Practice Free DAA-C01 Exam Online Questions
In diagnostic analysis, what importance do demographics and relationships hold in identifying anomalies? (Select all that apply)
- A . Considering relationships among data variables
- B . Identifying demographic variations linked to anomalies
- C . Ignoring data relationships for focused analysis
- D . Analyzing only recent demographic data for anomalies
A,B
Explanation:
Identifying demographic variations and considering relationships are crucial in identifying anomalies during diagnostic analysis.
When managing Snowsight dashboards, what role do subscriptions and updates play in meeting business requirements?
- A . Subscriptions and updates ensure timely information delivery.
- B . They enhance dashboard usability without impacting data updates.
- C . Subscriptions and updates don’t impact dashboard management.
- D . Managing subscriptions and updates complicates dashboard usage.
A
Explanation:
Subscriptions and updates ensure timely information delivery, meeting business requirements.
How do partitioning strategies impact query performance and data storage efficiency in Snowflake?
- A . Partitioning improves query planning only
- B . Enhances query performance and reduces storage requirements
- C . Limits data access for specific user roles
- D . Reduces query performance and increases storage requirements
B
Explanation:
Effective partitioning strategies enhance query performance by optimizing data retrieval and storage efficiency in Snowflake.
Why are Stored Procedures valuable in data analysis using SQL?
- A . They are exclusively used for one-time data operations.
- B . They restrict the execution of repetitive tasks, limiting efficiency.
- C . Stored Procedures enable custom and repeated data operations, enhancing efficiency.
- D . Stored Procedures solely facilitate data visualization.
C
Explanation:
Stored Procedures aid in data analysis by enabling custom and repeated data operations, enhancing efficiency.
When evaluating and selecting data for building dashboards, what factors should be considered for ensuring data relevance and usefulness? (Select all that apply)
- A . Ignoring data complexities for simplicity in visualization
- B . Evaluating data based on business requirements
- C . Including all available data for comprehensive visualization
- D . Filtering data based on irrelevant attributes
B,D
Explanation:
To ensure relevant and useful dashboards, data must be evaluated based on business requirements and filtered for irrelevant attributes.

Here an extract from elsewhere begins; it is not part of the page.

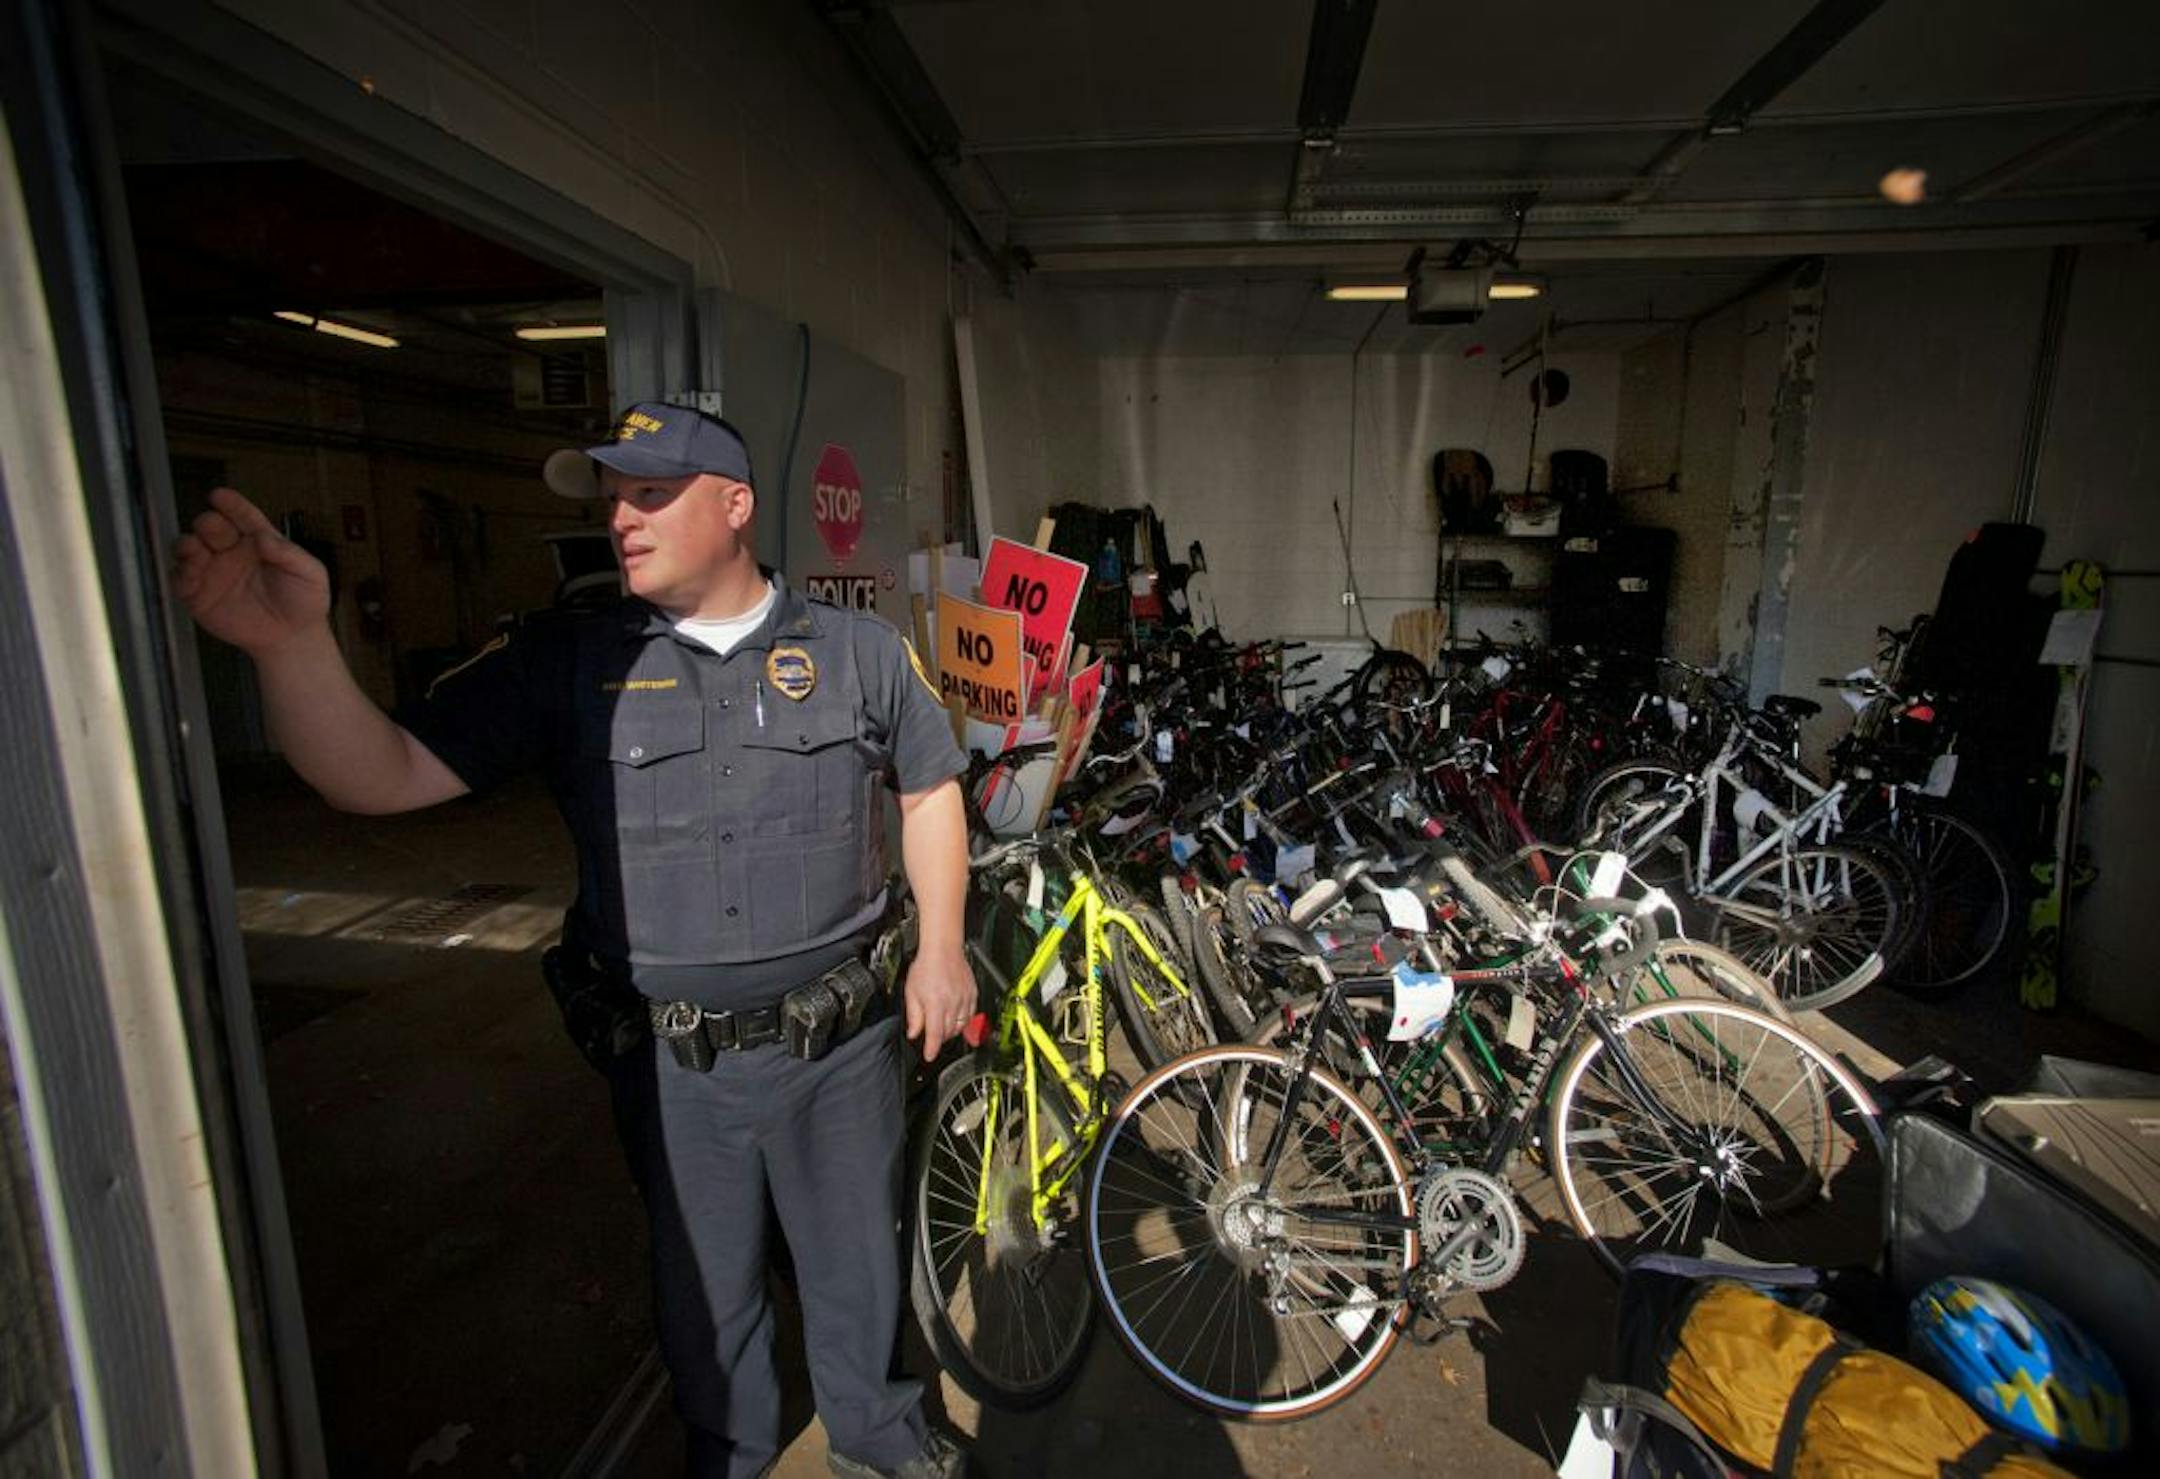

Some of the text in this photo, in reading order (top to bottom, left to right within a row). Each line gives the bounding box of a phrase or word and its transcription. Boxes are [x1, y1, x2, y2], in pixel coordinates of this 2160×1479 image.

Which aspects are crucial for making predictions based on data for forecasting purposes? (Select all that apply)
- A . Using only basic arithmetic functions for forecasting
- B . Considering trends and anomalies in historical data
- C . Incorporating statistical methods for accurate predictions
- D . Relying solely on historical data without considering external factors
B,C
Explanation:
Incorporating statistical methods and considering trends/anomalies are crucial for accurate predictions in
forecasting.
When cleaning data, what role does using clones play in specific use-cases?
- A . Clones help preserve original data for audit purposes only
- B . Clones slow down the data cleaning process significantly
- C . Clones aid in isolating and resolving data anomalies
- D . Clones are unnecessary for data cleaning tasks
C
Explanation:
Clones are beneficial in isolating and resolving data anomalies without impacting the original dataset, facilitating safe data cleaning practices.
How does leveraging clones aid in handling specific use-cases and maintaining data integrity in Snowflake?
- A . Clones restrict data access for specific user roles
- B . Clones enforce data consistency across multiple warehouses
- C . Clones allow isolated testing and analysis without impacting original data
- D . Clones facilitate real-time data updates
C
Explanation:
Clones in Snowflake enable isolated testing and analysis without affecting original data, supporting specific use-cases while maintaining data integrity by providing a separate environment for manipulation.
How do statistics and built-in functions contribute to forecasting based on data?
- A . These functions enable the creation of custom forecasting models, offering flexibility.
- B . They solely aid in data aggregation for forecasting purposes.
- C . They limit forecasting to predefined models without flexibility.
- D . Statistics and functions hinder the forecasting process by complicating data visualization.
A
Explanation:
Statistics and built-in functions facilitate the creation of custom forecasting models, providing flexibility.
When designing a data collection system, what factors should be considered when assessing how often data needs to be collected? (Select all that apply)
- A . Volume of data
- B . Business requirements
- C . Data collection tool limitations
- D . Data source availability
A,B
Explanation:
Assessing data collection frequency involves considering business requirements and the volume of data necessary for analysis.